> How to complete this task: A faithful copy of the data below is required, leaving out every picture.

▬▬▬

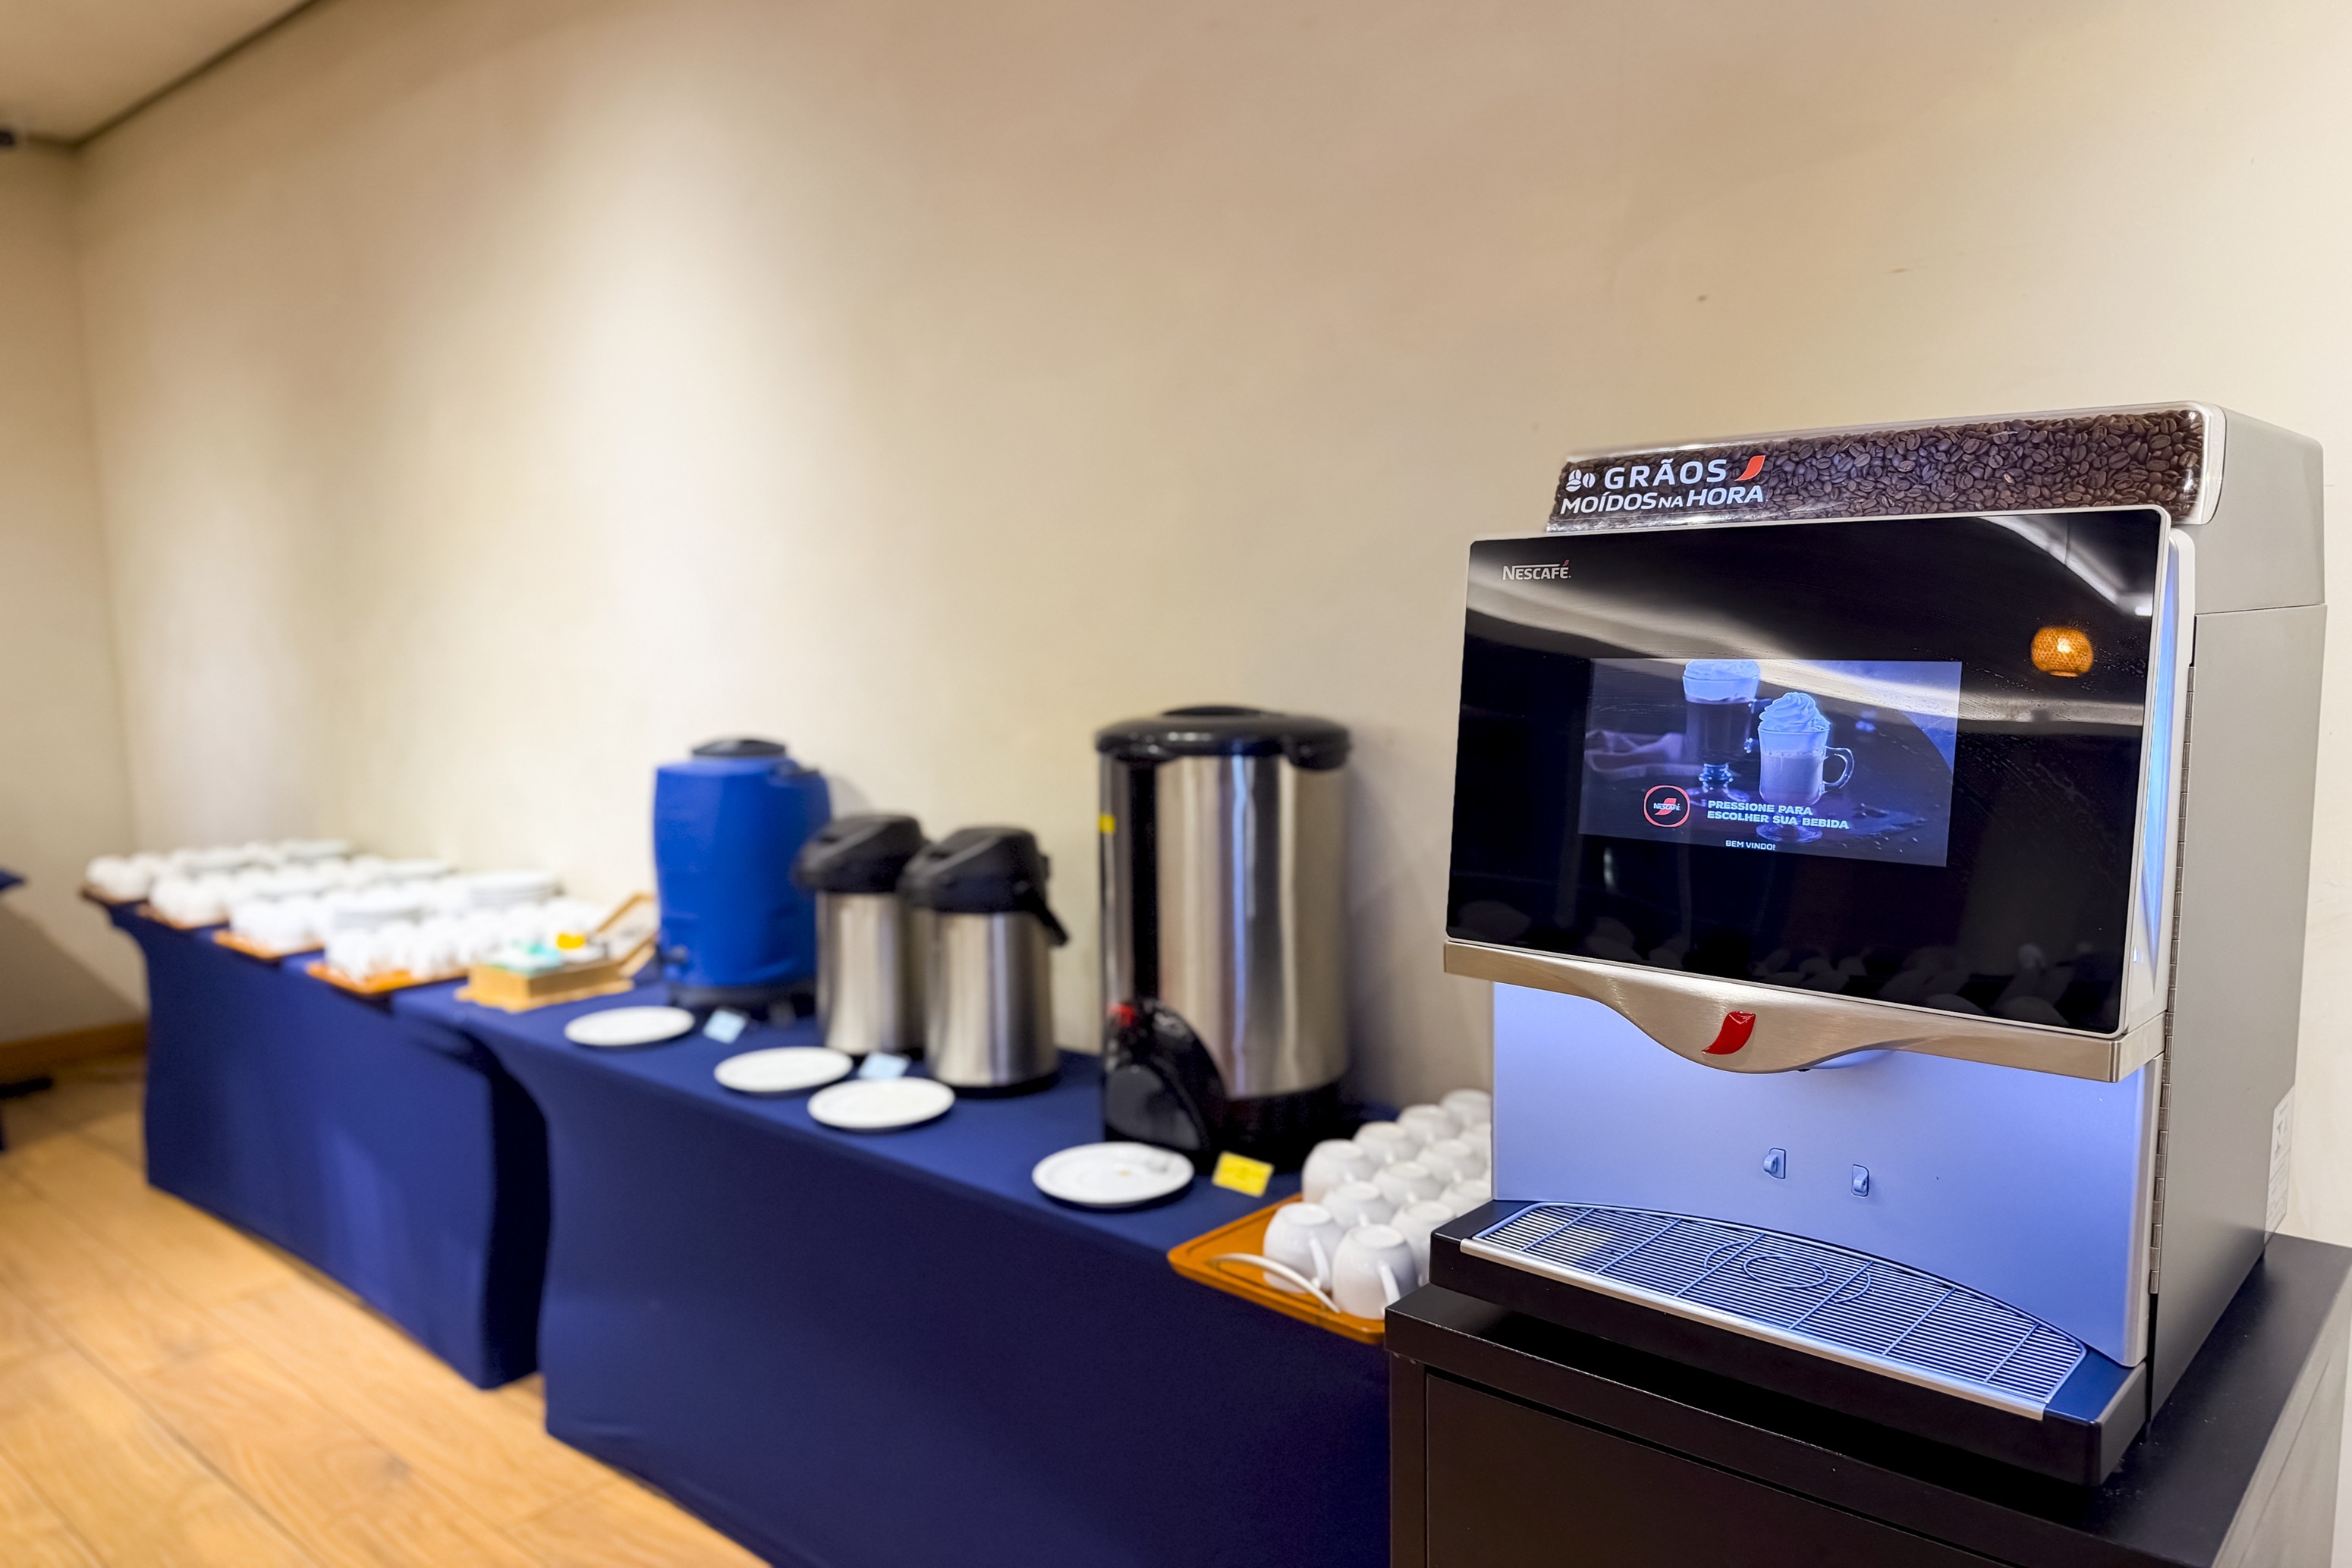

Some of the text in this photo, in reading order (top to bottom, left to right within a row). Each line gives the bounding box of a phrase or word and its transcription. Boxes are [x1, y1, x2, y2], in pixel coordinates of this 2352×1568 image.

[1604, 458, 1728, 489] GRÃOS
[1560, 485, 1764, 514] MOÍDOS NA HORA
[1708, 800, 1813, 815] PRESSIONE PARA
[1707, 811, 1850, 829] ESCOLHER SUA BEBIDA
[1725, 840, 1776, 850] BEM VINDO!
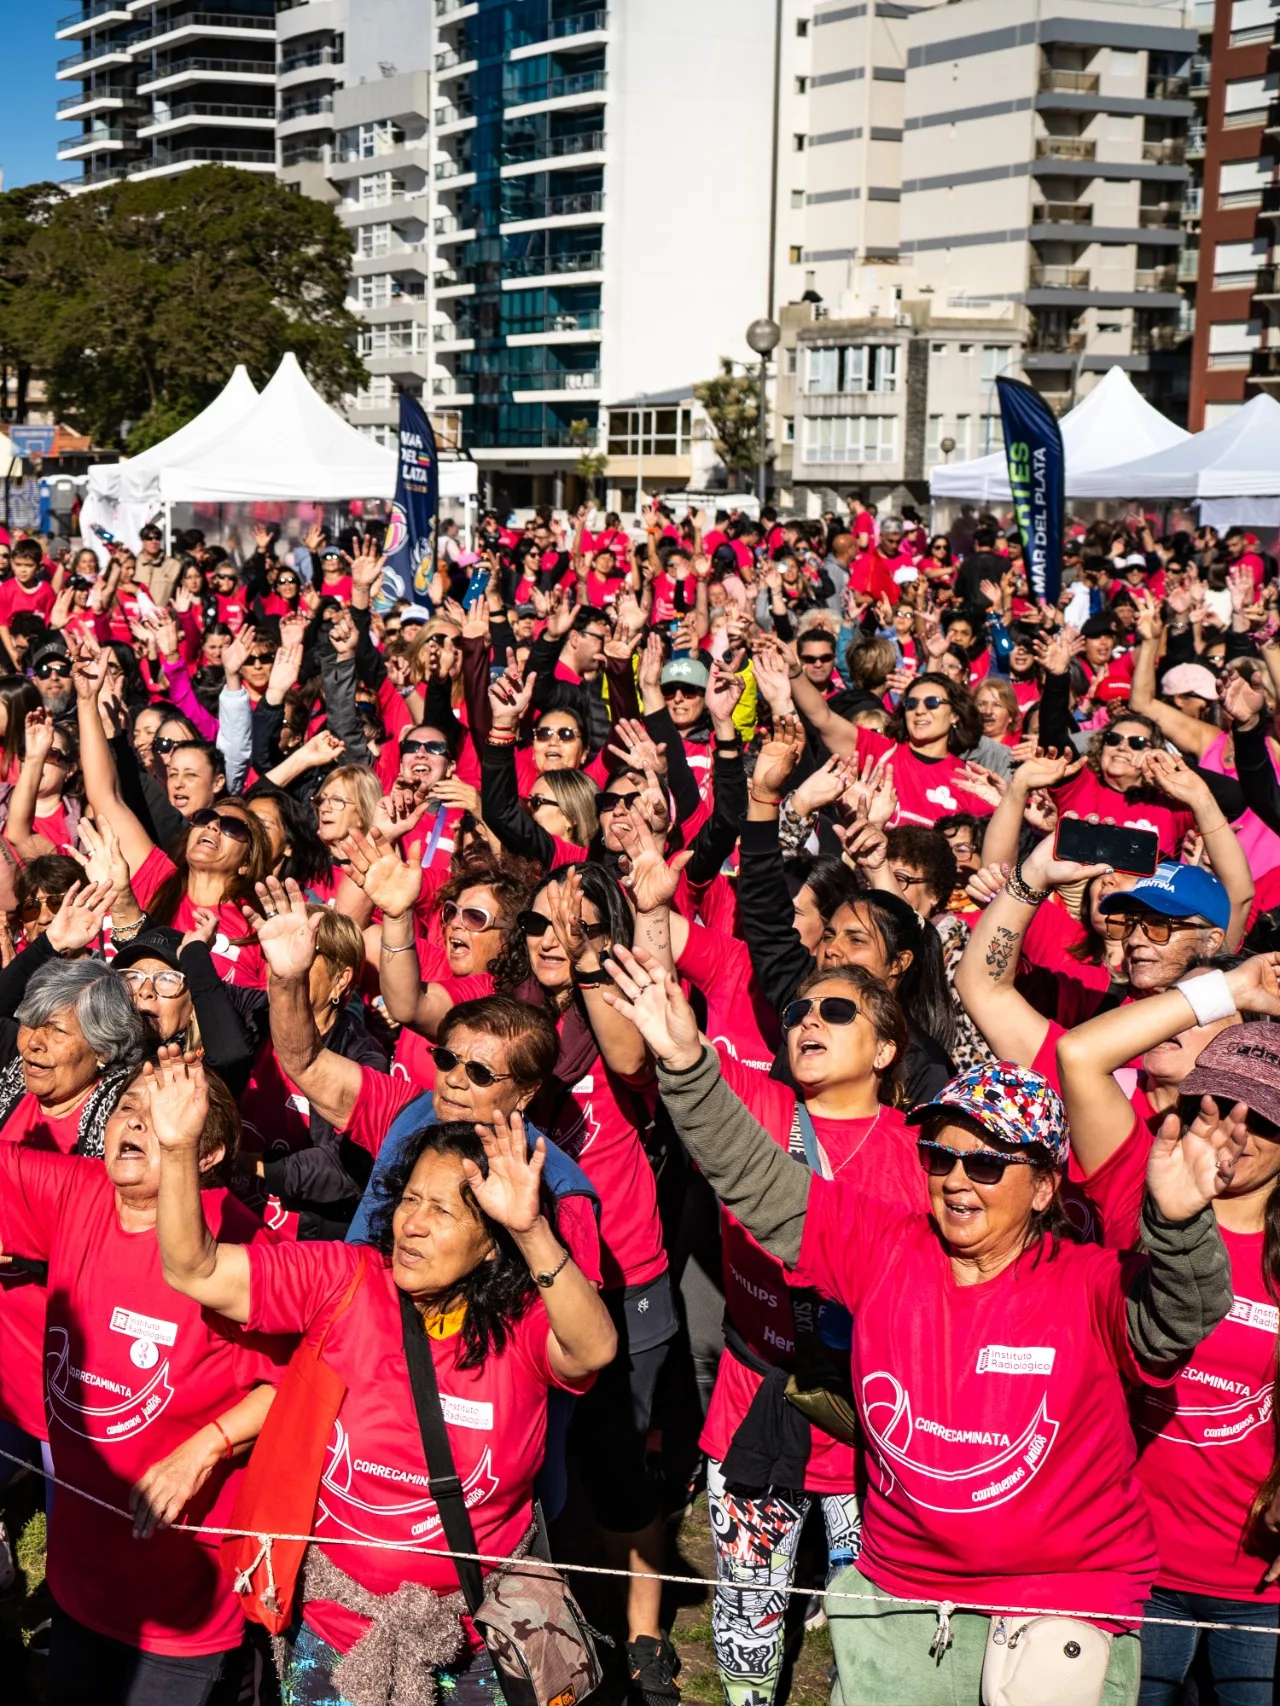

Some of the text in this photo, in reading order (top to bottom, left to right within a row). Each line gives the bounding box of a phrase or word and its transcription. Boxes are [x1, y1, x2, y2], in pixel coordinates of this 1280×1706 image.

▬▬▬

> Result below:
Some of the text in this photo, in reading order (top to bottom, left to right within a row). Each line gives the bounding box of a phrase or word and its transcription. Boxes are [x1, y1, x2, y2], in pixel coordinates of this 2352×1568 image.

[1604, 458, 1728, 489] GRÃOS
[1560, 485, 1764, 514] MOÍDOS NA HORA
[1708, 800, 1813, 815] PRESSIONE PARA
[1707, 811, 1850, 829] ESCOLHER SUA BEBIDA
[1725, 840, 1776, 850] BEM VINDO!

Some of the text in this photo, in reading order (top to bottom, left to right within a row). Each line gives the bounding box of a phrase or word and its transcription. Boxes are [x1, y1, x2, y2], in pixel coordinates of this 1280×1706 image.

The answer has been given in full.